Data current as of 2017 (data for Latvia and Lithuania current as of 2022)
| Belarus | Some DR1P trainsets are still in service. All DR1 and some DR1P and DR1A units were converted to DR1B1/DR1B1m/DR1pT or DRL1/MDP. These converted units are still in service. Some 500 Series DR1B units are used in international services to Lithuania. |
| Cuba | It is uncertain, whether Cuba's only DR6 trainset is in service, or not. Any information about that unit is outdated. |
| Estonia | No DR1 units or its modifications are in service. Their commuter operator, Edelaraudtee (Southwestern Railway) is defunct (all commuter routes are now served by Elron which uses Stadler Flirt DMUs). Some DR1B/BJ sets were sold to Kazakhstan. From 2012 to 2015 another DR1B/BJ operator, GoRail, provided international services to Saint Petersburg. This route has been also closed due to lack of passengers. Latvian DR1 trainsets run into Valga from time to time. |
| Georgia | One DR1AM unit is in service. |
| Kazakhstan | Several DR1B/BJ units bought from Estonia are in service. The original DR1A units deployed during the Soviet period have almost all been decommissioned. |
| Latvia | Most DR1A or DR1AM units are still in service, some of them have undergone a conversion into DR1AC units. A procurement was created in 2020 for eight new diesel trains to replace the DR1A units, but due to various problems and environmental concerns over funding new diesel trains, the procurement was cancelled on January 8, 2021. |
| Lithuania | Few DR1A or DR1AM units are still in service.

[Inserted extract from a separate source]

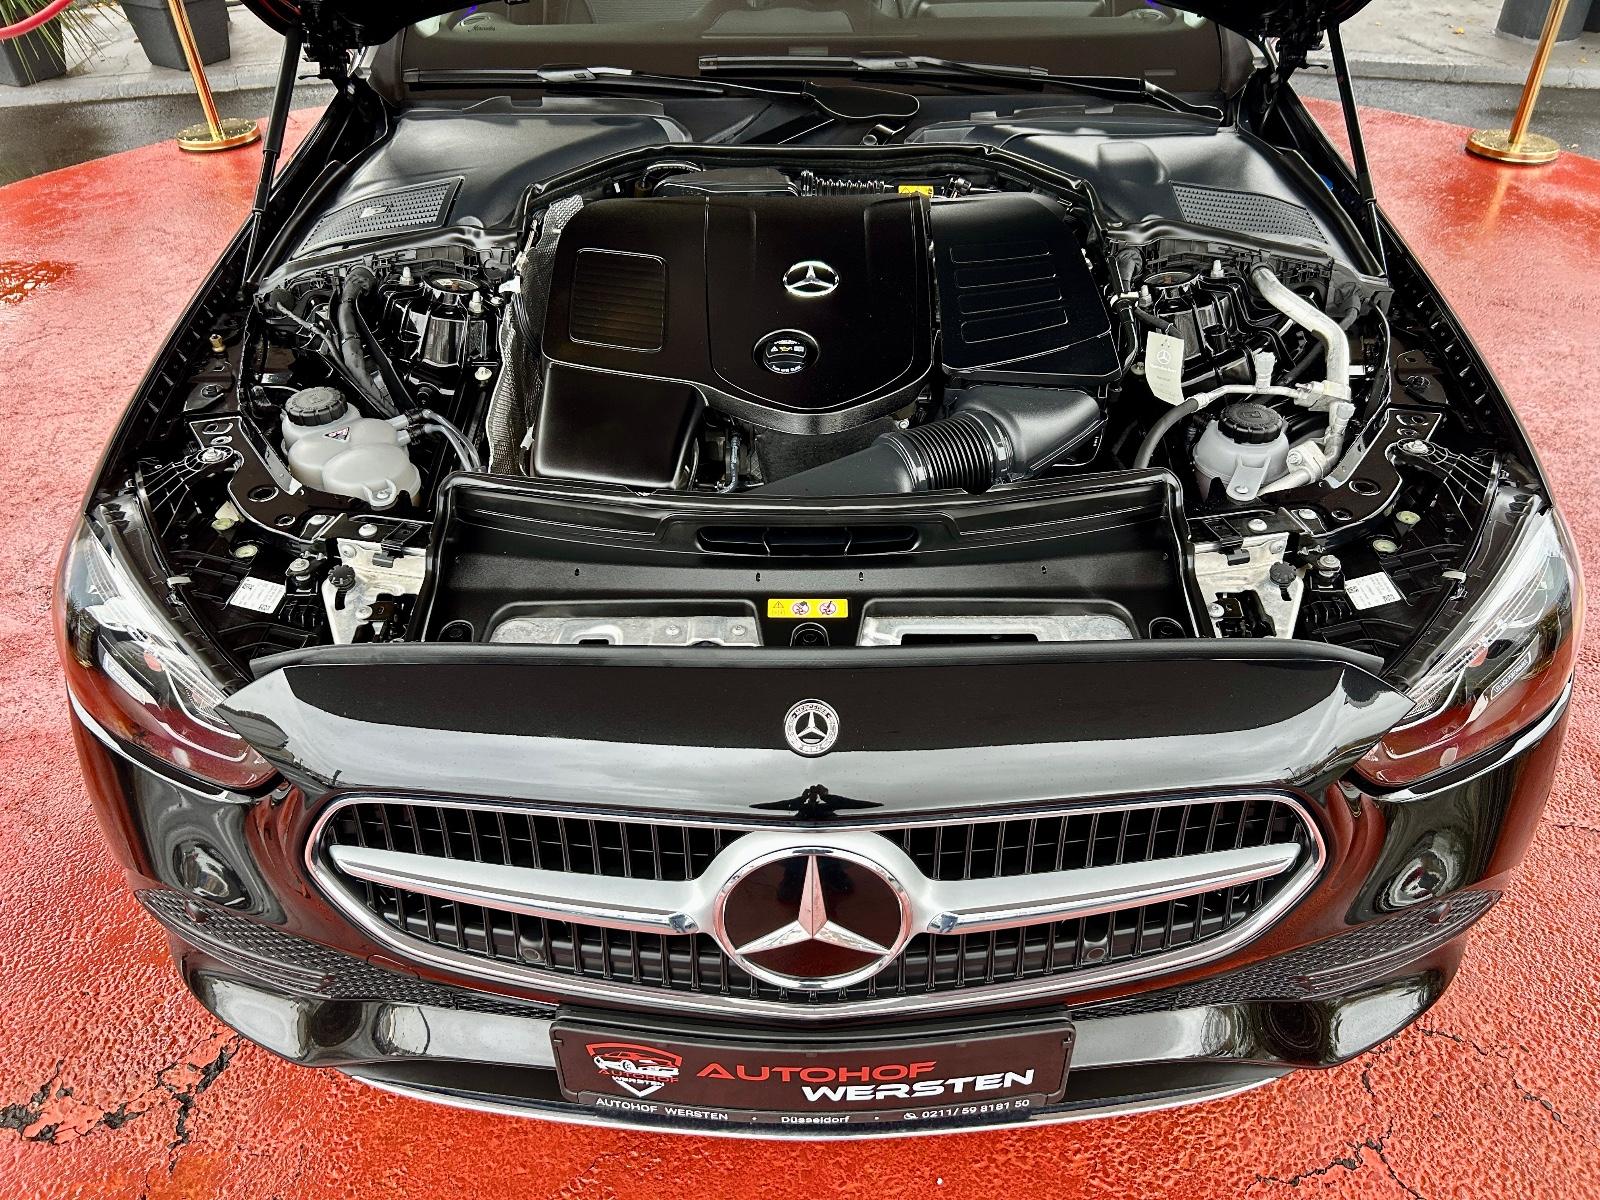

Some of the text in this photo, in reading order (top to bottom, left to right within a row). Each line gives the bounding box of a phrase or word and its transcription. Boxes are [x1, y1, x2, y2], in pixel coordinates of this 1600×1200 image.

Most are being replaced by newer, more modern units. |
| Russia | DR1 sets and its modifications are only in departmental use, not in passenger services. DR1A sets were withdrawn from Samara commuter services in 2012 (after that the last set was delivered to rail museum) and from Kaliningrad commuter services in 2016 (even new batches were withdrawn, after that the last set was delivered to rail museum, too). |
| Ukraine | Some of DR1P/DR1A/DR1AM sets are still in use. Some parts of DR1 trains (most of the copies are passenger wagons of DR1P trains such as DR1P-057, DR1P-071 and DR1P-080) and its modifications (some wagons of DR1A-167) were abandoned after the Chernobyl disaster, still can be found at the Yaniv railway station. |

==Formations==
Different combinations of carriages are possible:
- Original non-refurbished trainsets:
Driving carriage - carriage - carriage - carriage - carriage - Driving carriage
(3 to 5 non-driving carriages)
- Modified for DR1AM/DR1BJ/DRL1/MDP trainsets:
Driving carriage - carriage - Driving carriage (without engine)

In the Soviet Union, commuter trains did not get 1st or 2nd class seats, as each DR1 train was equipped with only one type of seat. Often, the seats were made of wood.

The DR1B trainsets operated by GoRail in Estonia were equipped with space for bicycles, making the setup similar to one that originated with trains in western Europe.